▶ **What needs to be done**
Repeat each entry as written, dropping any picture you find.

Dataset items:
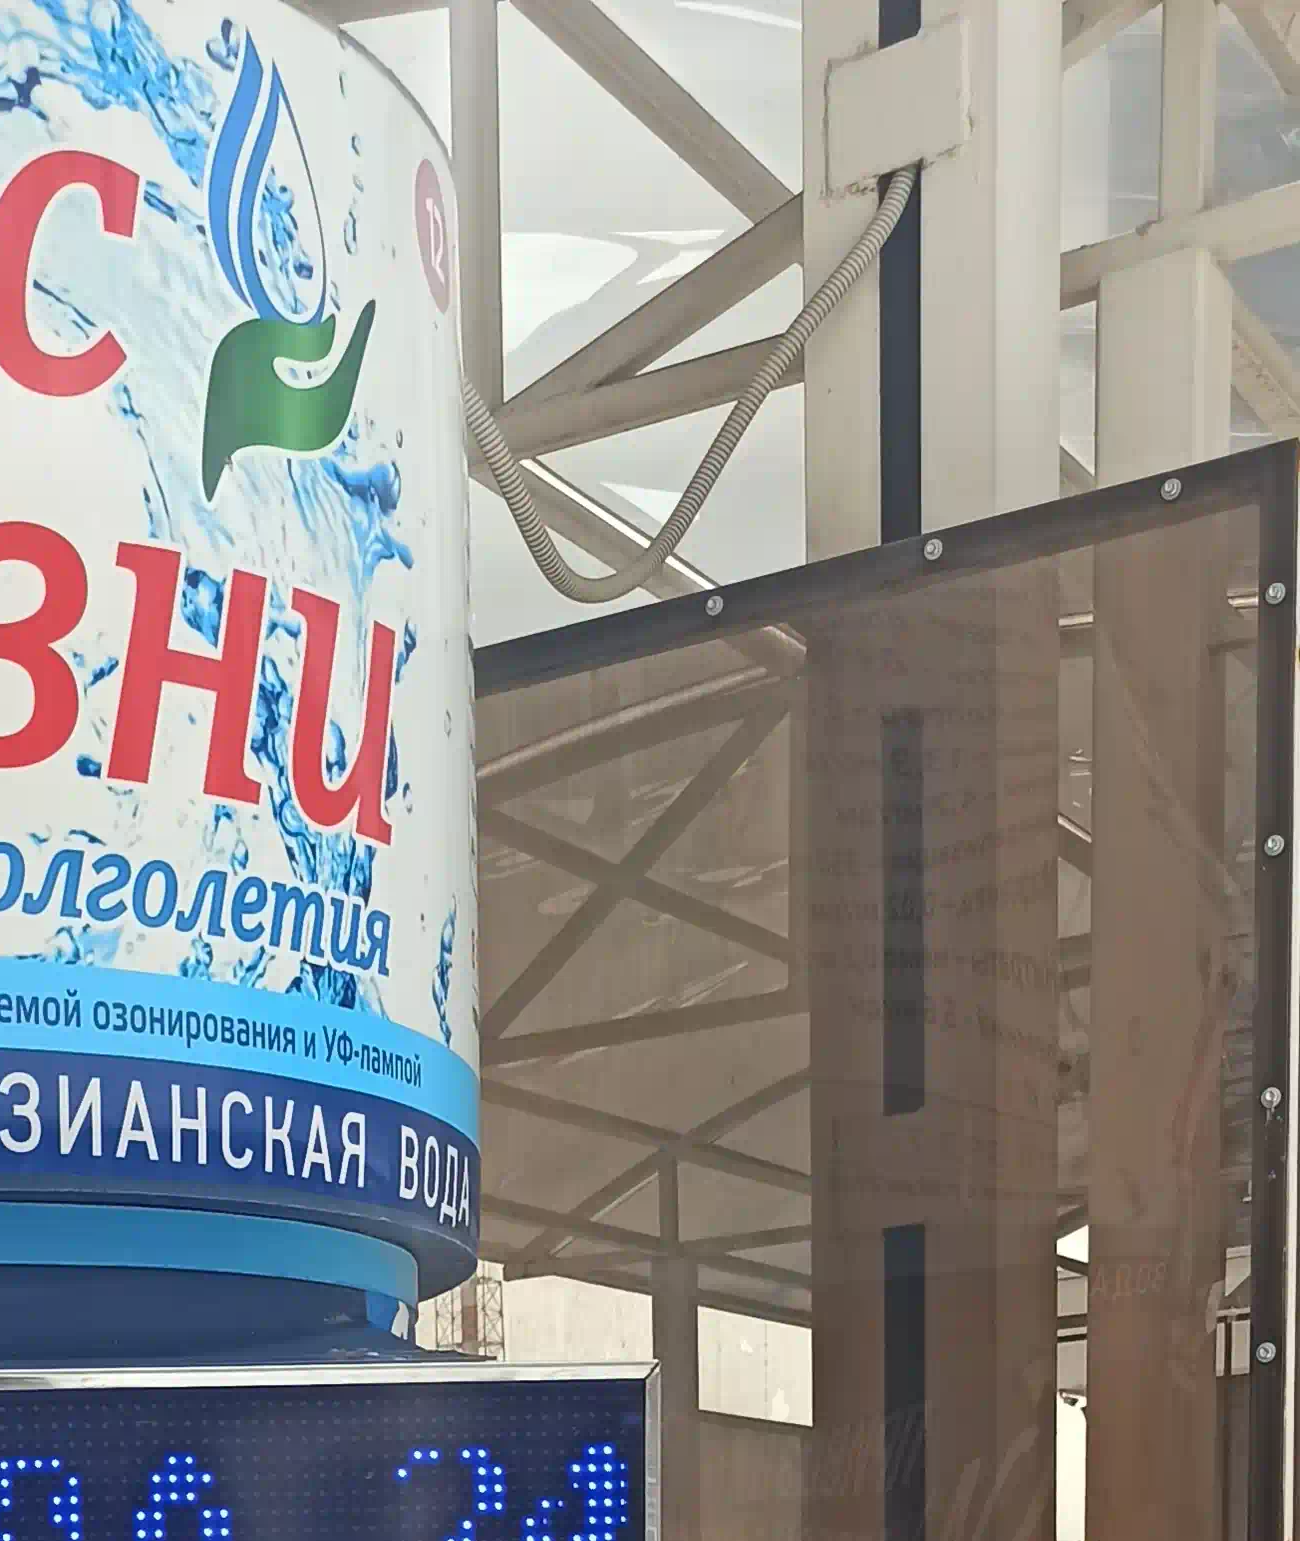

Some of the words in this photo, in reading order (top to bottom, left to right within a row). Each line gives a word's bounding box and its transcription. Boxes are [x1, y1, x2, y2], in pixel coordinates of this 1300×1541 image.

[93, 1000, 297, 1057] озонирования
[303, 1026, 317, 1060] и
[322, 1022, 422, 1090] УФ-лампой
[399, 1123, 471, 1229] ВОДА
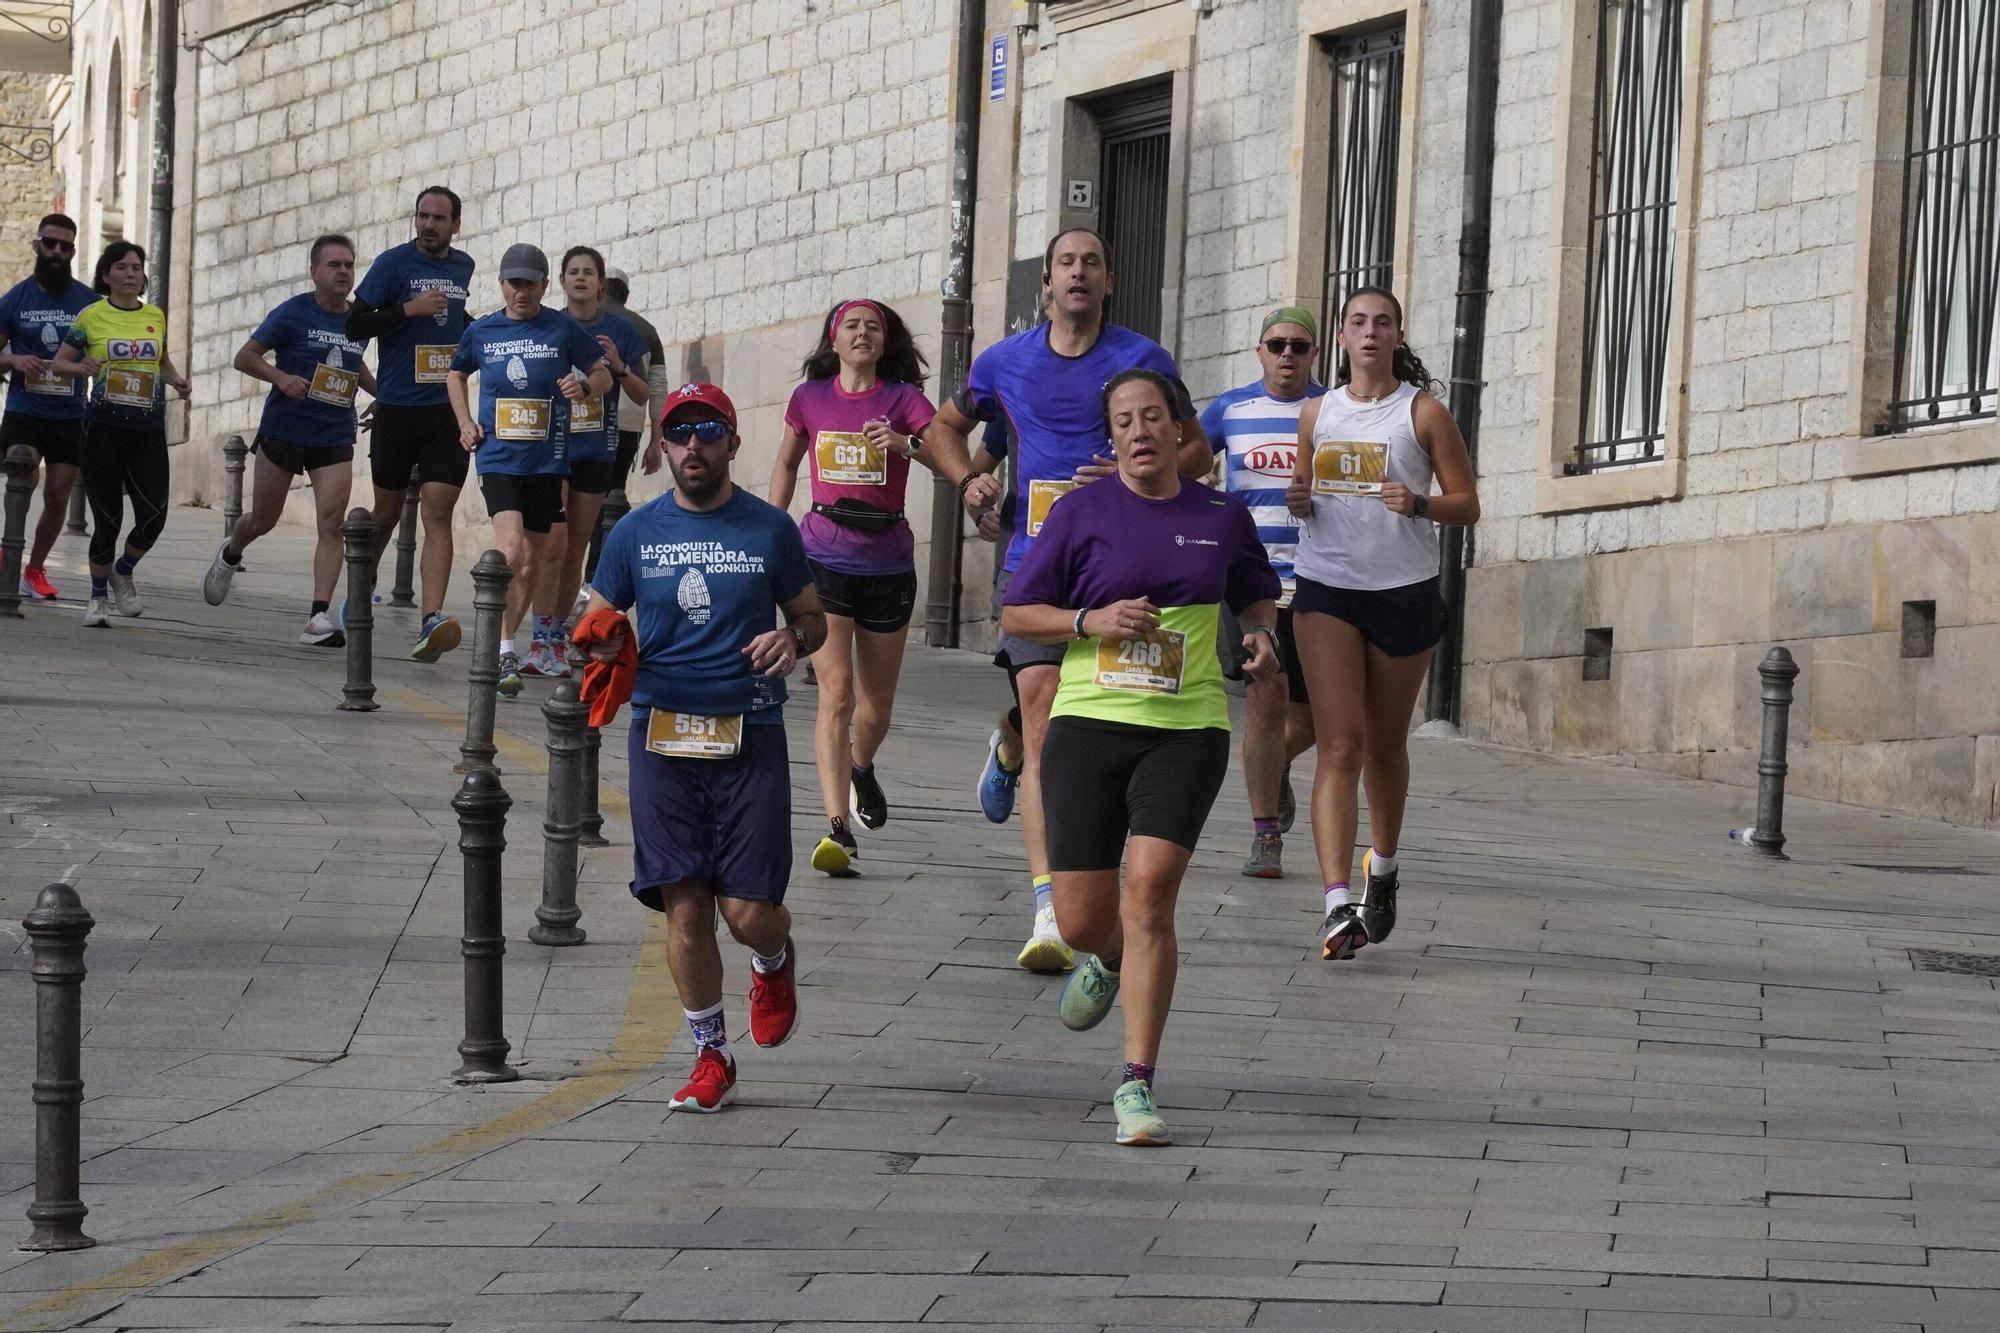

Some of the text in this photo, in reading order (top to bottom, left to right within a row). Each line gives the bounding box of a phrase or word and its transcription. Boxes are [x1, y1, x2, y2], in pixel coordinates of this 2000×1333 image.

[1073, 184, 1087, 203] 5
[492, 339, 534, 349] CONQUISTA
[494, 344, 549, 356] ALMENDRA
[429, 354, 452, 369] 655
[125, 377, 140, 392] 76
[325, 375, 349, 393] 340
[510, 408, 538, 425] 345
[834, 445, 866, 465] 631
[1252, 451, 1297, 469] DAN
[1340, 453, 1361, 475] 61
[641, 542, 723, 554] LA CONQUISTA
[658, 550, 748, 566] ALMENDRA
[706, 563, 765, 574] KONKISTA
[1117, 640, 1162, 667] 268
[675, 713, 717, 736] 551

▶ **Your response**
Some of the words in this photo, in reading order (top to bottom, left to right within a row). Each line gives a word's bounding box and its transcription. Boxes are [x1, y1, x2, y2], in pixel coordinates of this 1300×1541 image.

[93, 1000, 297, 1057] озонирования
[303, 1026, 317, 1060] и
[322, 1022, 422, 1090] УФ-лампой
[399, 1123, 471, 1229] ВОДА

Some of the text in this photo, in reading order (top to bottom, left to right within a row). Each line gives the bounding box of a phrase or word and its transcription. Boxes are [x1, y1, x2, y2], in pixel coordinates of this 2000×1333 image.

[1073, 184, 1087, 203] 5
[492, 339, 534, 349] CONQUISTA
[494, 344, 549, 356] ALMENDRA
[429, 354, 452, 369] 655
[125, 377, 140, 392] 76
[325, 375, 349, 393] 340
[510, 408, 538, 425] 345
[834, 445, 866, 465] 631
[1252, 451, 1297, 469] DAN
[1340, 453, 1361, 475] 61
[641, 542, 723, 554] LA CONQUISTA
[658, 550, 748, 566] ALMENDRA
[706, 563, 765, 574] KONKISTA
[1117, 640, 1162, 667] 268
[675, 713, 717, 736] 551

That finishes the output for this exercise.